There’s some big news coming from Abilene Christian University athletics next Friday. In the meantime, here are some facts you might want to know about our Wildcat mascot:
- According to No Ordinary University: The Story of a City Set on a Hill, the 1998 ACU history book by Dr. John C. Stevens (’38), ACU’s mascot was chosen in 1919 when the intercollegiate sports of football and baseball – plus intramurals – needed a place to play. The A Club challenged others on campus to join a fundraising contest for the privilege of naming a new proposed playing facility near the North First Street campus. The West Texas Club won, so 14 years after Abilene Christian was founded, the college became known as the Wildcats, and their new athletics facility, Wildcat Park. Students raised $6,300 – an astounding figure for that day – to purchase the land for Wildcat Park, which was located across the railroad west of the campus.
- The students in the winning West Texas Club chose Wildcats but their second choice was Antelopes. Both animals were native to West Texas.

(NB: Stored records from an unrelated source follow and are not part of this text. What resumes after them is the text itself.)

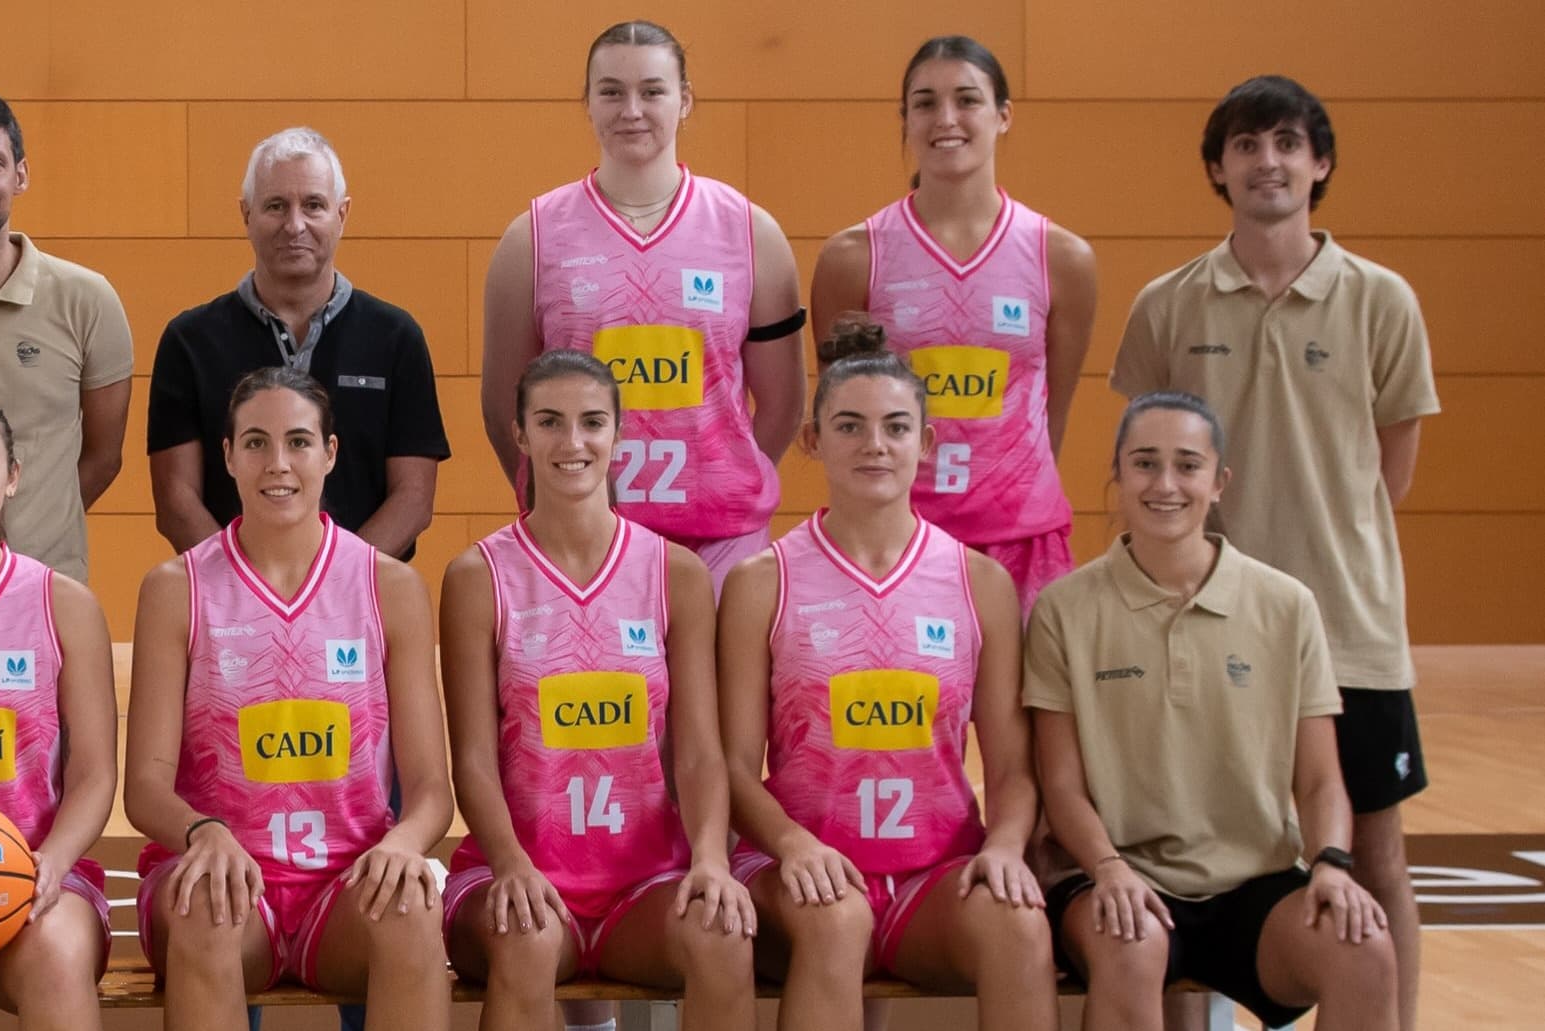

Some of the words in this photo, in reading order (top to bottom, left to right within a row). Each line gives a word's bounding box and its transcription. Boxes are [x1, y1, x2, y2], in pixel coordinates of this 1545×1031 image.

[607, 351, 690, 384] CADÍ
[923, 369, 997, 397] CADÍ
[611, 439, 687, 503] 22
[935, 442, 971, 494] 6
[554, 693, 633, 727] CADÍ
[845, 695, 925, 727] CADÍ
[256, 724, 335, 760] CADÍ
[566, 775, 624, 836] 14
[856, 778, 914, 838] 12
[266, 811, 329, 868] 13

- A wildcat (Felis silvestris) is native to Asia, Africa and Europe. In North America, however, it is a common name representing the lynx (Lynx canadensis) and the bobcat (Lynx rufus), among others. Come to think of it, if Willie the Wildcat ever needs a sidekick, Rufus the Wildcat has a nice ring to it and the shout-out to the mascot’s binomial nomenclature (its scientific name) would make the biology department smile.
- The first Wildcat mascot at ACU actually was named Bob Thomas, donated to coach Victor Payne in 1923 by Sam Cox, who captured the young animal near his home of Ozona, Texas. The Optimist student newspaper reported, “The specimen is a good one and serves the local teams as an ideal mascot, being entirely peaceable until molested and then giving vent to unrestricted wrath in a noisy manner …” In his book, Stevens wrote, “Unfortunately, captivity was not a good thing for young Bob. Within a year he was dead. He was buried ‘with pomp and ceremony’ on the campus. Dean (Henry) Speck and several students made talks.”

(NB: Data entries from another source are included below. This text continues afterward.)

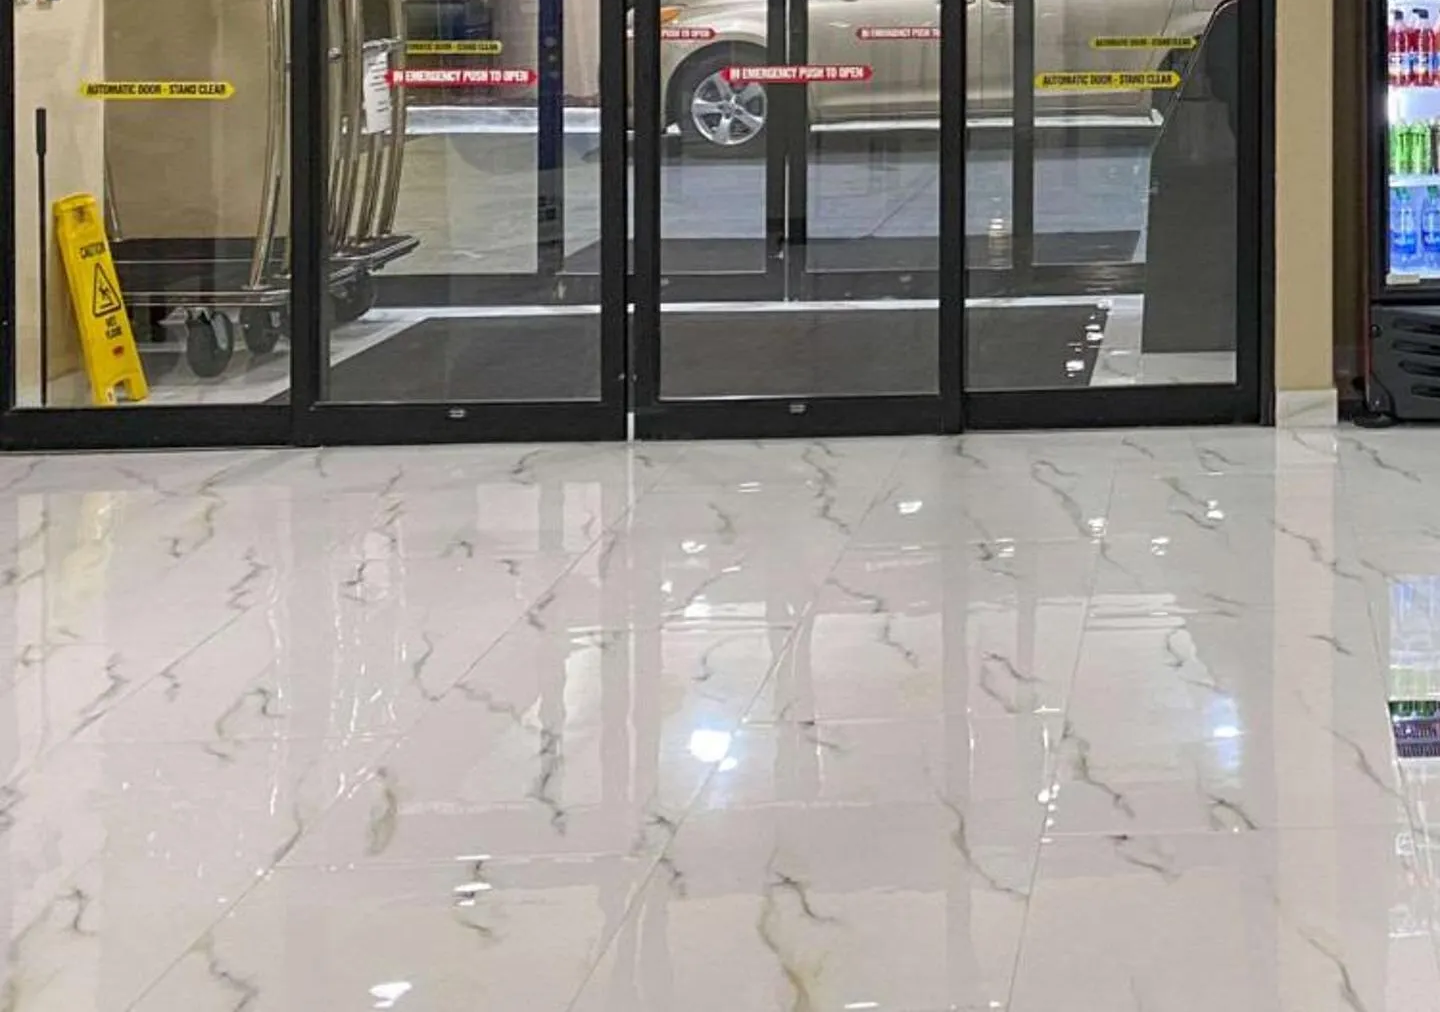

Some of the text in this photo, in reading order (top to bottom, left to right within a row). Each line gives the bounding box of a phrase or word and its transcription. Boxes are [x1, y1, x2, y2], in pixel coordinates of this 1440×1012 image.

[393, 70, 529, 82] IN EMERGENCY PUSH TO OPEN
[730, 67, 864, 80] IN EMERGENCY PUSH TO OPEN
[1043, 74, 1089, 85] AUTOMATIC
[1090, 74, 1112, 85] DOOR
[1119, 74, 1145, 85] STAND
[1147, 74, 1173, 85] CLEAR
[86, 84, 137, 95] AUTOMATIC
[138, 84, 161, 95] DOOR
[168, 84, 196, 95] STAND
[199, 84, 226, 95] CLEAR
[80, 242, 106, 259] CAUTION

- In 1920, students on the North First Street had no indoor place to play basketball, so they used an outdoor court with a wooden floor and screen/wire cage around it. They called it Wildcat Cage, and sans seating, fans simply stood around the perimeter of the fence. Actually, it was common at that time for outdoor basketball courts to be surrounded in such a way. The wire wall kept balls from heading out of bounds, where players followed rules allowing possession to “first come, first serve” on wayward passes and shots, even if it meant wrestling fans for the ball. Keeping spectators out of the chaotic battle for possession between “cagers” – as basketball players were known, served a humanitarian as well as competitive purpose.
- The first game in Wildcat Gym, a structure now part of headquarters for Global Samaritan Resources on North First Street, was played in 1925.
- The Big Purple Marching Band was first known as the Wildcat Band. In 1939, they were invited to march in the inauguration parade of Texas governor W. Lee “Pappy” O’Daniel, who knew good music when he heard it. A few years earlier, O’Daniel hired his own band, the Light Crust Doughboys, to sing on a radio show and promote the flour-milling company he owned. One of the musicians in the group was western swing music icon-to-be Bob Wills.
- ACU begins play in Fall 2013 as a member of NCAA Division I and the Southland Conference. Ten other NCAA Division I colleges and universities also have Wildcats as an athletics mascot: Arizona, Bethune-Cookman, California State-Chico, Davidson, Kansas State, Kentucky, New Hampshire, Northwestern, Villanova and Weber State.